ENH argued that the geographic market should have included the three ENH hospitals and six other hospitals located outside the triangle but within close proximity to at least one of the ENH hospitals. The ALJ determined that the geographic market included three of these six additional hospitals. However, the Commission stated that the contours of a geographic market can be determined by demonstrating the region over which a hypothetical monopolist can impose a “significant and non-transitory price increase.” Applying this analysis to the case at hand, the Commission held that Complaint Counsel had successfully demonstrated that “significant higher-than-predicted post-merger price increases resulted from market power gained through the merger,” and thus the ENH triangle was, indeed, the proper geographic market. Market participants should mind the potential ability of this analysis to arrive at limited geographic markets.
Analysis and Conclusion
Counsel for hospitals and MCOs alike should take great interest in the Commission’s choice of remedy, particularly (1) whether the Commission’s reticence to impose divestiture will have a dampening effect, generally, on both private and governmental challenges to completed mergers, and (2) whether the establishment of two separate negotiating teams – within ENH and within a declaredly non-competitive market – will truly “inject” competition, or whether the negotiating teams could preserve price levels without running afoul of either firewalls or antitrust laws. The notion of “competition” between two divisions of the same corporate parent, irrespective of firewalls, is problematic.

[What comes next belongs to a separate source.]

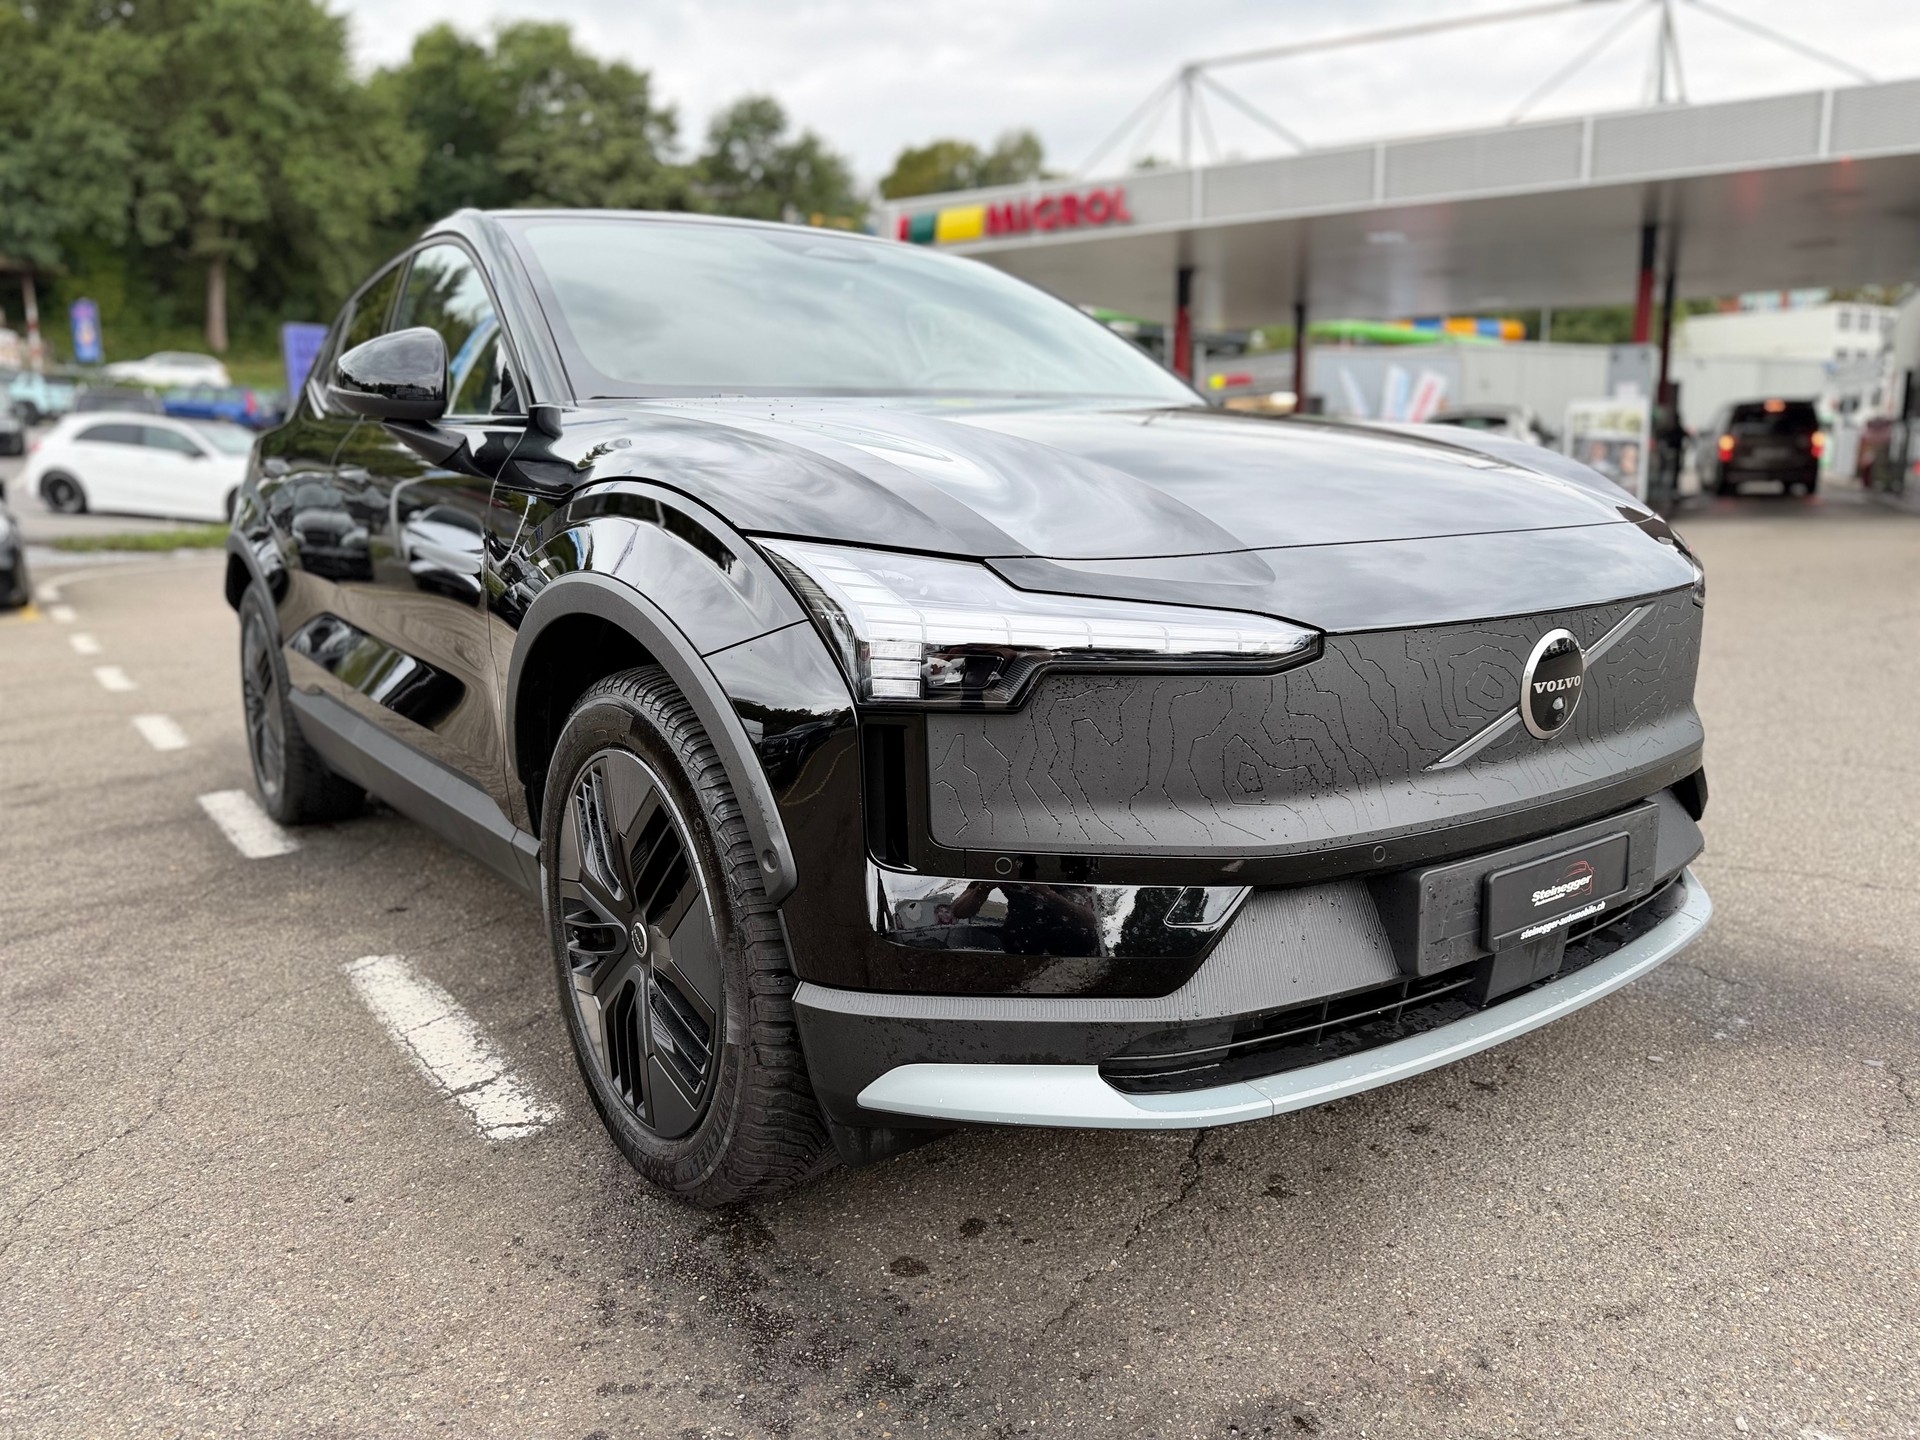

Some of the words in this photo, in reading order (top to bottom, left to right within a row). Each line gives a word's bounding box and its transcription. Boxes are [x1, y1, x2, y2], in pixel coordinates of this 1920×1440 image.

Regardless, future pre-merger and post-merger analyses and challenges will be affected by the Commission’s treatment of the relevant product and geographic markets, particularly how evidence of certain price increases will be used by the Commission to identify a proper geographic market.
Finally, the Commission itself noted that “sticky and unsettled issues for merger analysis” remain open with respect to hospital mergers. The Commission specifically pointed to the fact that, in a market where MCOs are purchasers and hospitals are sellers, a merger of two hospitals may severely impact one MCO while hardly impacting another – and that the aggregate impact could lead to a violation of Section 7. Such commentary would indicate that market participants should analyze not only merging hospitals’ product and geographic markets, but also the effects that a merger would have on each of the merging hospitals’ purchasers.